According to the weight of authority, a share of stock or the certificate thereof is not
an indebtedness to the owner nor evidence of indebtedness and, therefore, it is not a
credit (14 Corpus Juris, p. 388, see. 511). Stockholders, as such, are not creditors of
the corporation (14 Corpus Juris, p. 848, Sec. 1289). It is the prevailing doctrine of the
American courts, repeatedly asserted in the broadest terms, that the capital stock of
a corporation is a trust fund to be used more particularly for the security of creditors
of the corporation, who presumably deal with it on the credit of its capital stock (14
Corpus Juris, p. 383, sec. 505). Therefore, the defendant-appellant Lim Chu Sing not
being a creditor of the Mercantile Bank of China, although the latter is a creditor of
the former, there is no sufficient ground to justify a compensation (art. 1195, Civil
Code; Acuña Co Chongco vs.

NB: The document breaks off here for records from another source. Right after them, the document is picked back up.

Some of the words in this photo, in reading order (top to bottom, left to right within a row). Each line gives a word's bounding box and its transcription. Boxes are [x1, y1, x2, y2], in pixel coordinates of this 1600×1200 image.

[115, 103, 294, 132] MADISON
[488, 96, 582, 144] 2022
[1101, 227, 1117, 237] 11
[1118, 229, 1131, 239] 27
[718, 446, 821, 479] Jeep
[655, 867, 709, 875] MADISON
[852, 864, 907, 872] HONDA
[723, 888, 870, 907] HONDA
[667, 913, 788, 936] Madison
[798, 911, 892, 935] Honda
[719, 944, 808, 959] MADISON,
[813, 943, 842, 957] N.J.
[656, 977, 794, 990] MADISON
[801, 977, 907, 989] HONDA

Dievas, 12 Phil., 250).

The third question to be decided in this appeal is whether or not the court a quo erred
in sentencing the said defendant-appellant to pay the sum of P910.51 as attorney's fees
in addition to interest at 6 per cent per annum on the amount sought in the complaint.

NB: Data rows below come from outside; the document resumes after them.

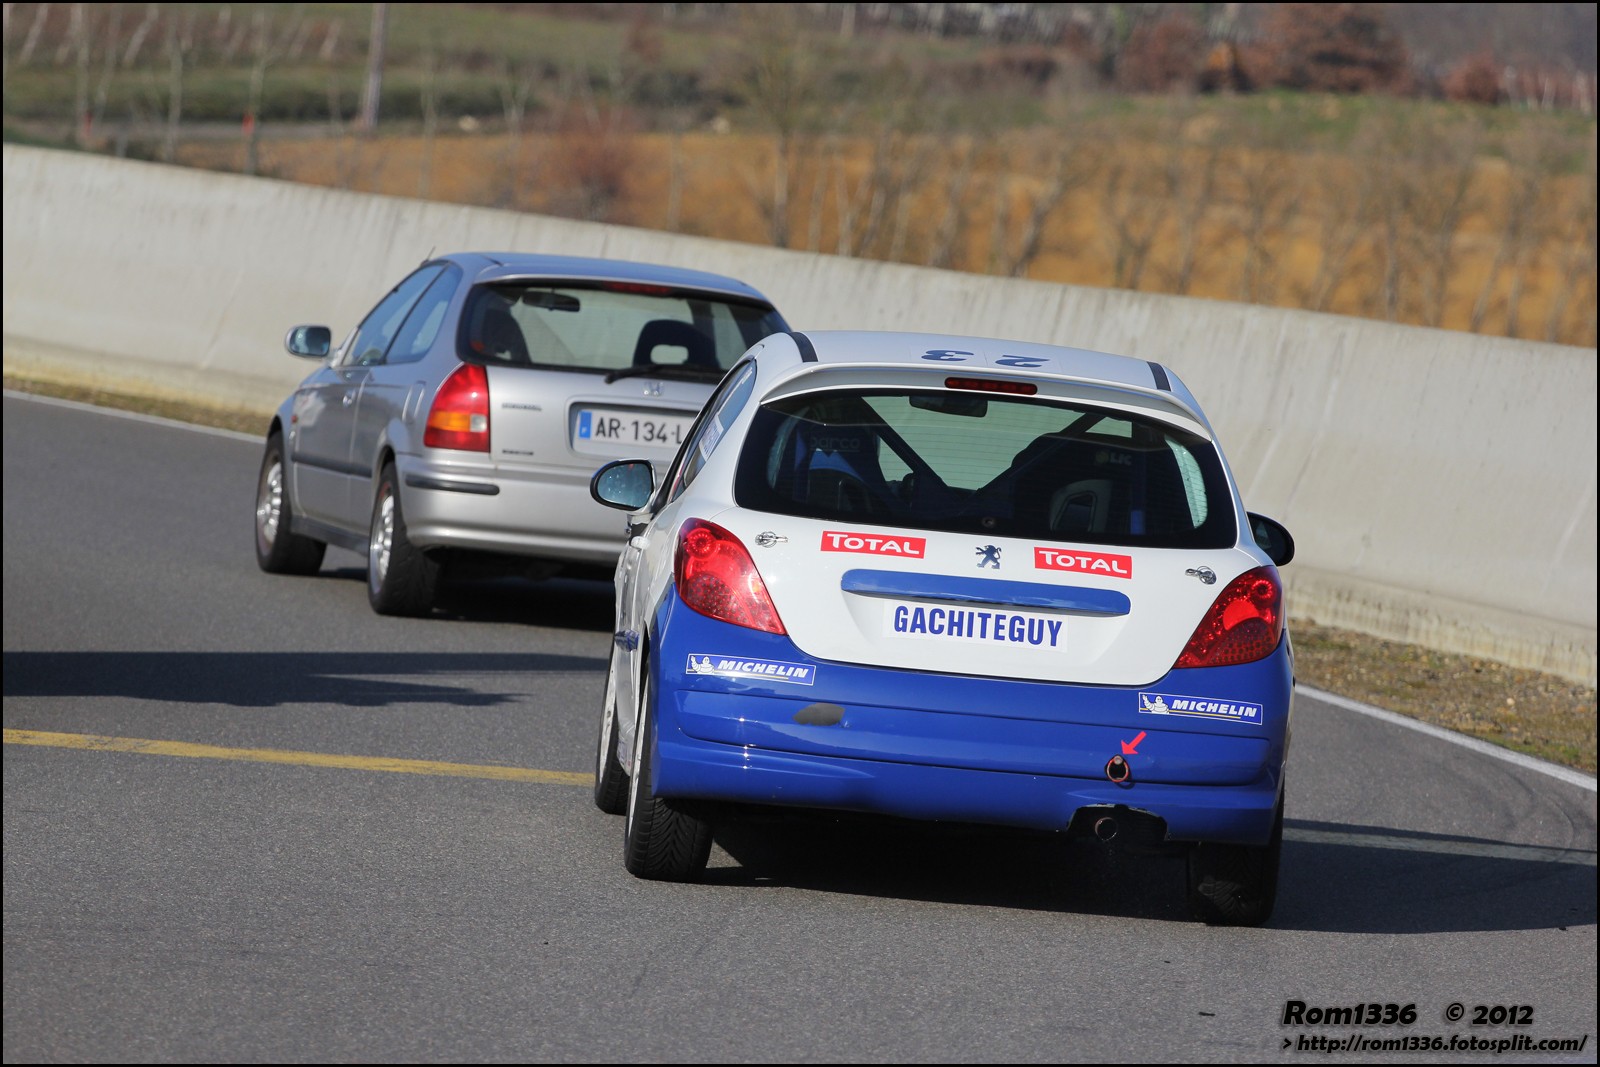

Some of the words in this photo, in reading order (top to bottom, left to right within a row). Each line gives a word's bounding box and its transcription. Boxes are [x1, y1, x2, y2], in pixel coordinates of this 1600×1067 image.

[893, 606, 1063, 647] GACHITEGUY
[717, 659, 809, 678] MICHELIN
[1171, 699, 1258, 718] MICHELIN
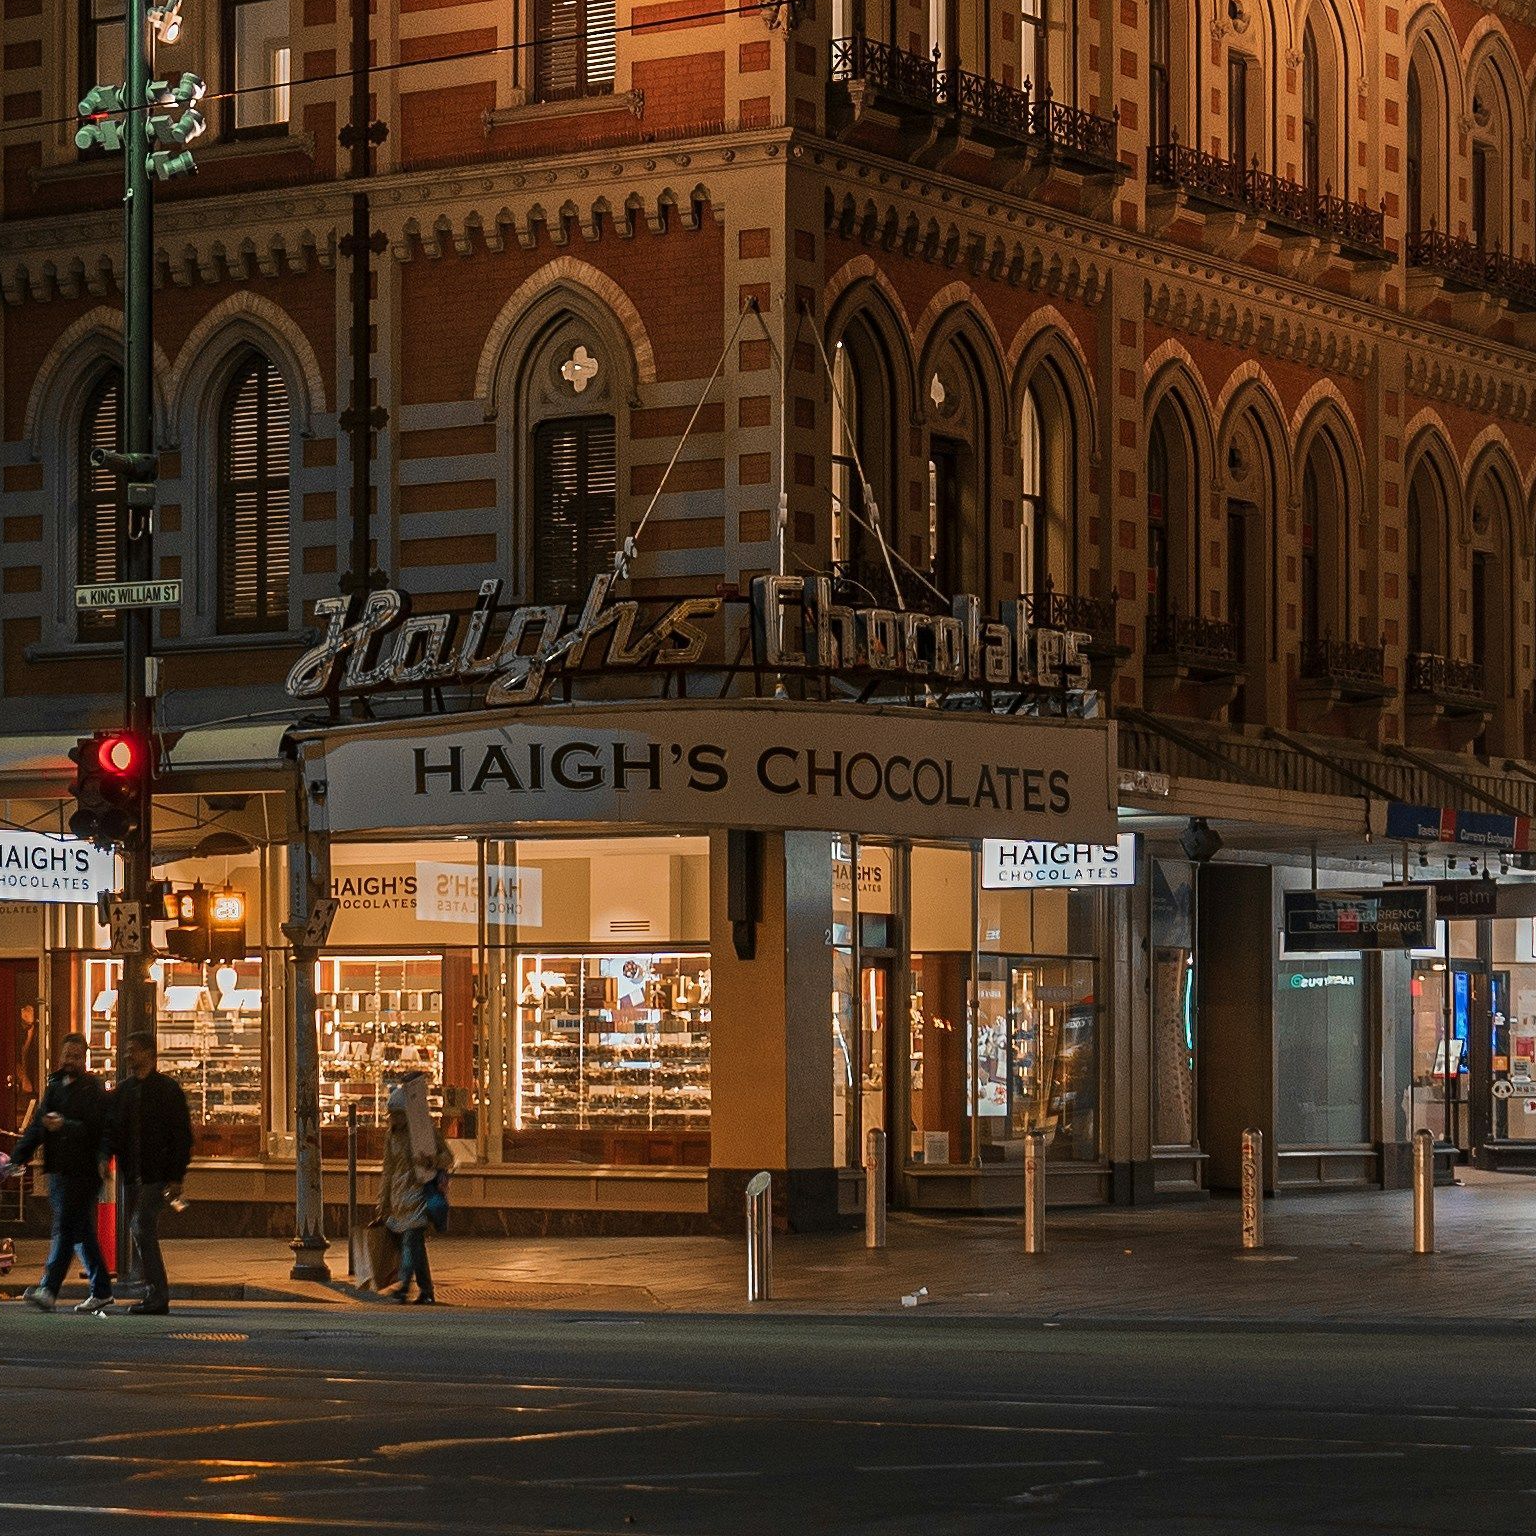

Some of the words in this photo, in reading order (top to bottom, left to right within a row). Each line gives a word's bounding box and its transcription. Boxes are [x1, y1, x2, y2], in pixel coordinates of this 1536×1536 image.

[90, 589, 116, 605] KING
[118, 586, 162, 603] WILLIAM
[163, 585, 178, 601] ST
[413, 741, 730, 797] HAIGH'S
[756, 746, 1072, 815] CHOCOLATES
[998, 844, 1119, 866] HAIGH'S
[998, 867, 1119, 882] CHOCOLATES
[338, 899, 418, 910] OCOLATES
[1362, 922, 1423, 933] EXCHANGE

The pertinent clause of the promissory note Exhibit A reads as follows: "In case of
default of any of the above installments, the total amount of the balance still unpaid of
this note will become due and payable on demand plus interest thereon at the rate of 6
per cent per annum from date of this note until payment is made. And I further agree
to pay an additional sum equivalent to 10 per cent of the said note to cover cost and
attorney's fees for collection."

The stipulation relative to the payment of interest at the rate of 6 per cent per annum
on the unpaid balance of the promissory note Exhibit A refers to the capital and the 10
per cent stipulated for costs and attorney's fees cannot be considered as interest but
an indemnity for damages occasioned by the collection of the indebtedness through
judicial process. Therefore the two rates in question cannot be combined and
considered usurious interest.

With reference to the costs, the 10 per cent stipulated in the promissory note is for
costs and attorney's fees which may be incurred in the collection of the indebtedness
through judicial process. Therefore, the defendant-appellant should not again be made
to pay for them (Bank of the Philippine Islands vs. Yulo, 31 Phil., 476).

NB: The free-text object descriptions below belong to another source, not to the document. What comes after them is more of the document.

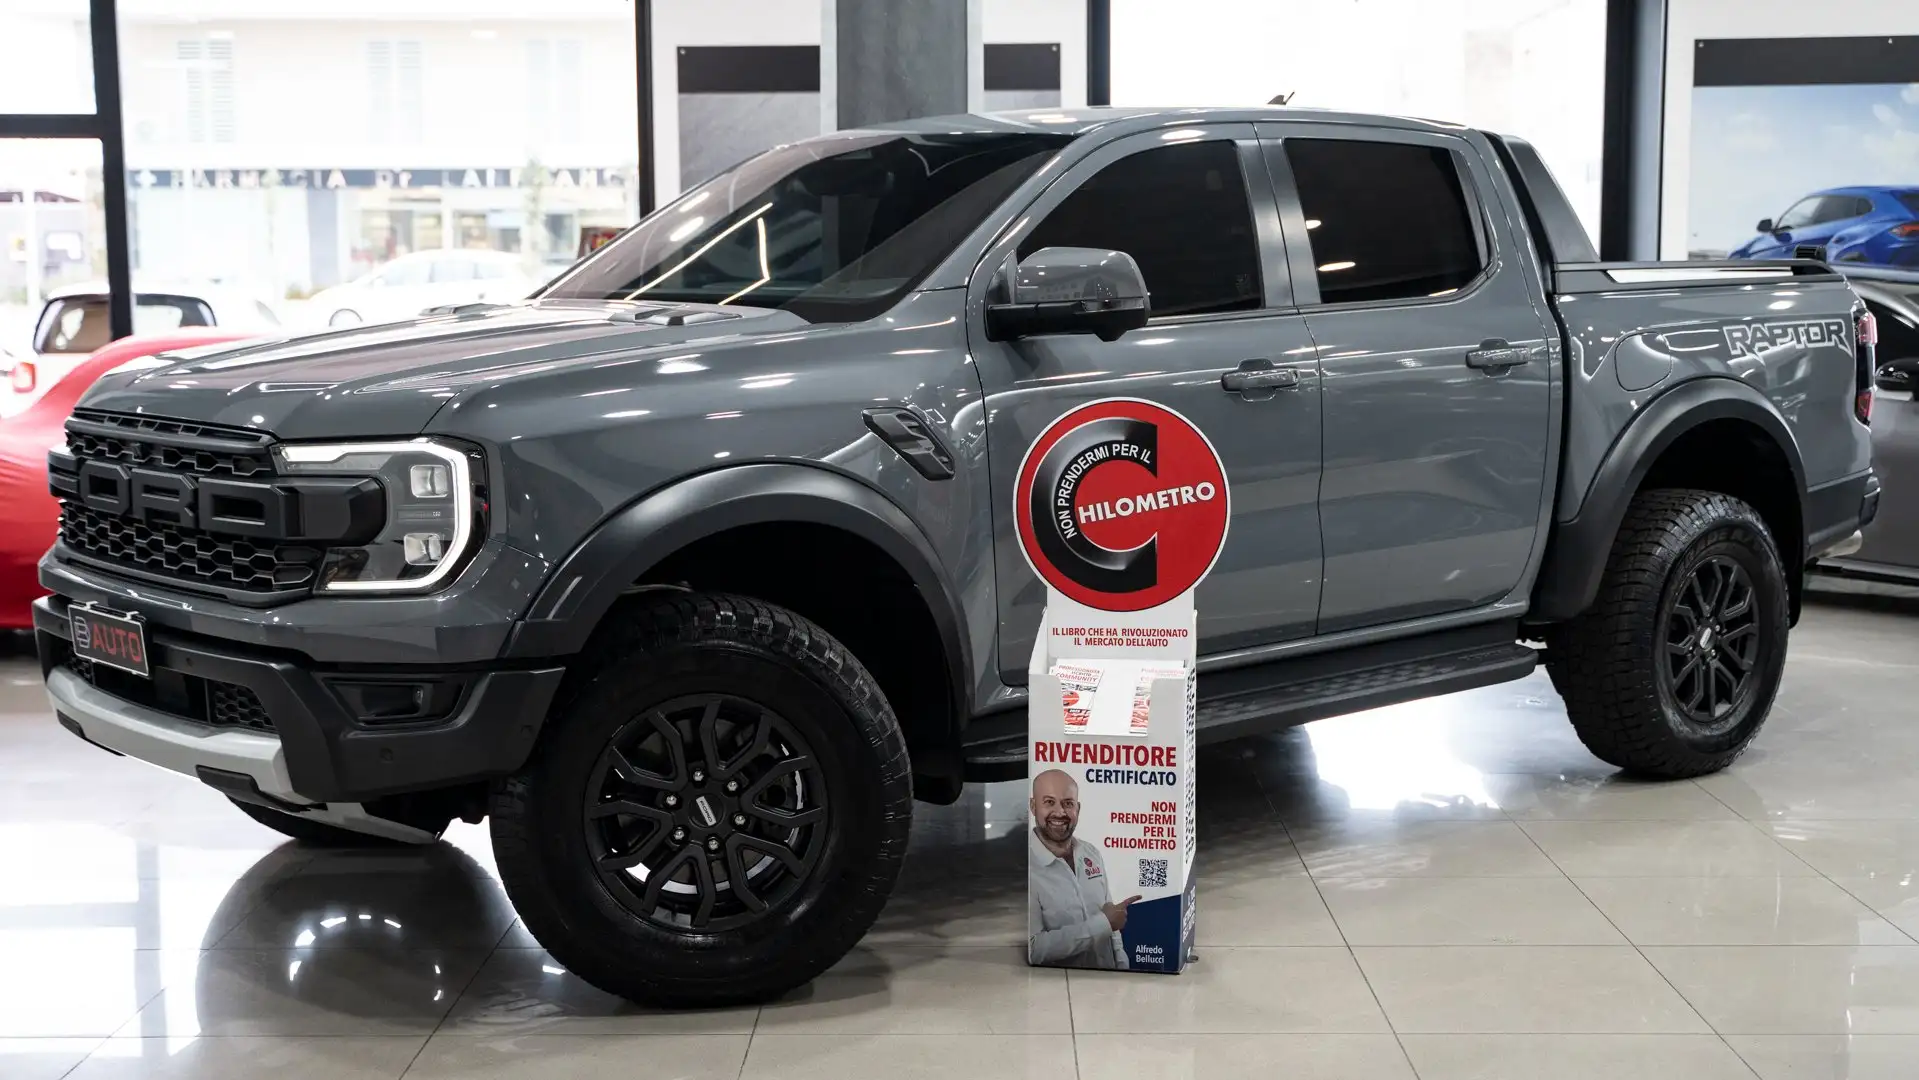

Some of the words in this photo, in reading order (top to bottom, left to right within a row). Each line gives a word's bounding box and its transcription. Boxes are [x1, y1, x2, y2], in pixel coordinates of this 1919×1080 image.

[1723, 319, 1853, 366] RAPTOR
[1112, 443, 1139, 459] PER
[1140, 448, 1152, 465] IL
[1057, 445, 1109, 507] PRENDERMI
[1058, 510, 1077, 539] NON
[1052, 628, 1060, 636] IL
[1061, 628, 1085, 636] LIBRO
[1088, 628, 1104, 636] CHE
[1106, 628, 1118, 636] HA
[1121, 628, 1188, 637] RIVOLUZIONATO
[93, 624, 143, 664] AUTO
[1074, 638, 1081, 646] IL
[1085, 638, 1124, 647] MERCATO
[1126, 638, 1169, 647] DELL'AUTO
[1034, 741, 1177, 768] RIVENDITORE
[1085, 768, 1177, 786] CERTIFICATO
[1151, 801, 1176, 813] NON
[1110, 812, 1176, 825] PRENDERMI
[1143, 826, 1165, 838] PER
[1167, 827, 1177, 838] IL
[1104, 837, 1177, 850] CHILOMETRO
[1135, 945, 1163, 954] Alfredo
[1135, 954, 1165, 964] Bellucci

In view of the foregoing, this court is of the opinion and so holds: (1) That failure to
file an exception to a ruling rendered in open court denying a motion for the inclusion of
a party as defendant deprives the petitioner, upon appeal of the right to raise the
question whether such denial proper or improper; (2) that the shares of a banking
corporation do not constitute an indebtedness of the corporation to the stockholder
and, therefore, the latter is not a creditor of the former for such shares; (3) that the
indebtedness of a shareholder to a banking corporation cannot be compensated with
the amount of his shares therein, there being no relation of creditor and debtor with
respect to such shares; and (4) that the percentage stipulated in a contract, for costs
and attorney's fees for the collection of an indebtedness, includes judicial costs.

Wherefore, with the sole modification that the costs be eliminated from the appealed
judgment, the same is hereby affirmed, without special pronouncement as to costs of
this instance. So ordered.
Malcolm, Hull, Imperial, and Goddard, JJ., concur.